Just how much mileage can you get out of a young Karate student and his bond with this aging mentor? Well, if you’re John G. Avilden, the answer is probably not as much as you’d think because by the time the third Karate Kid came around, it became somewhat obvious that the franchise was starting to punch a little wide. The first film made sense as it played like a teen version of Avilden’s own Rocky and even came complete with a tight, almost father/son bond that mirrored the relationship that formed between Balboa and his impossibly grizzled teacher, Micky. By Daniel LaRusso’s second adventure, the stakes were raised substantially with a trip to Okinawa as the kid managed to stumble into – and then diffuse a decades old blood feud that was plaguing his old teacher which attempted to deepen their relationship.

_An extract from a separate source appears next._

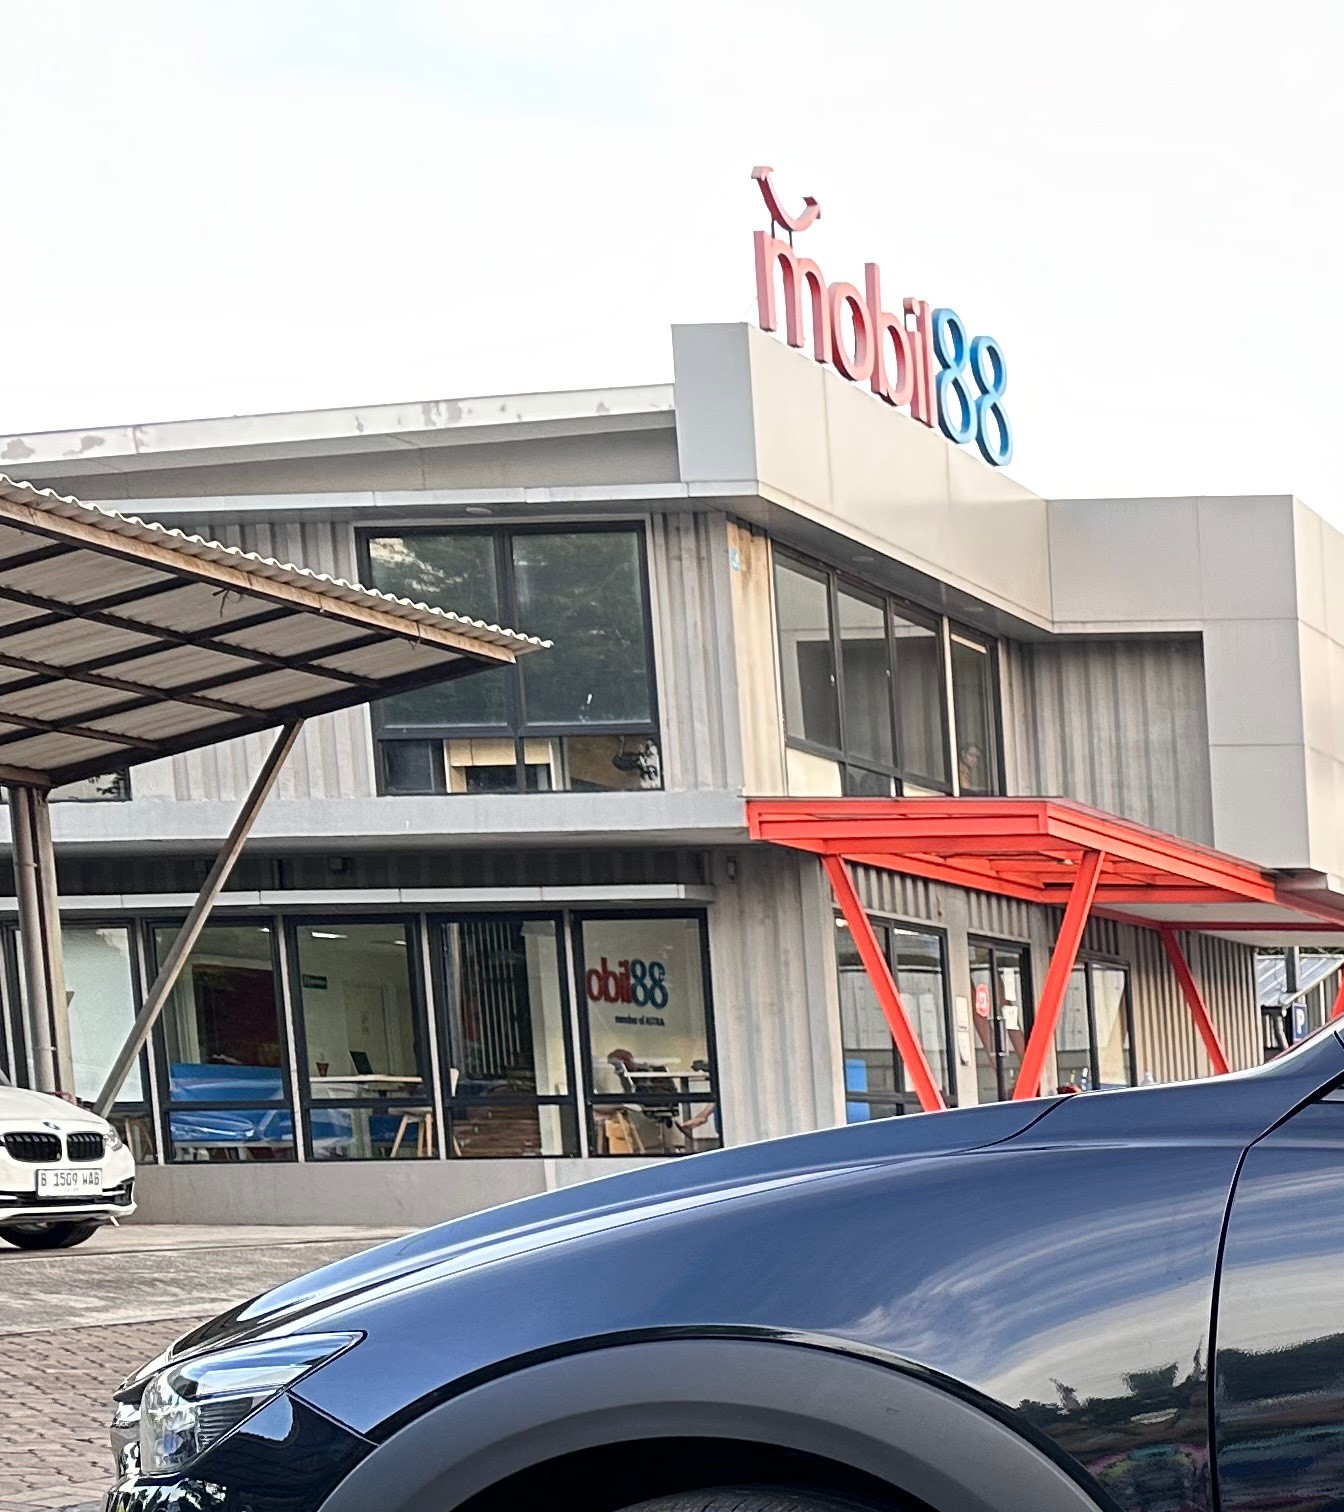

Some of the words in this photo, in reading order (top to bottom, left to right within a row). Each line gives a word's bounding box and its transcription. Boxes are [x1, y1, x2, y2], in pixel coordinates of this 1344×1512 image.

[753, 230, 1013, 466] mobil88
[586, 956, 669, 1009] obil88
[1296, 1008, 1305, 1034] P

However, when the third film came around, things had started to get a little strange and the franchise seemed poised to launch itself over the shark like a flying kick to the solar plexus. Prepare to enter the confusingly strange world of The Karate Kid Part III.

Upon arriving back in America after their stay in Okinawa, both Daniel LaRusso and Mr. Miyagi are stunned to find out that the South Seas apartment complex has been sold and demolished leaving the former homeless and the latter jobless. Quite why Daniel’s mother didn’t think to inform them this had happened before sodding off to care for a sick uncle back in New Jersey is unclear, but the fact she’s totally cool for her son to now live full time with the former caretaker of her building is probably a staggering indictment of 80s parenting. Weirder yet, Daniel has decided to not go to college and instead, sinks his college fund into realising Mr. Miyagi’s dream of opening a bonsai tree shop and the two become business partners after they find a place to set up shop.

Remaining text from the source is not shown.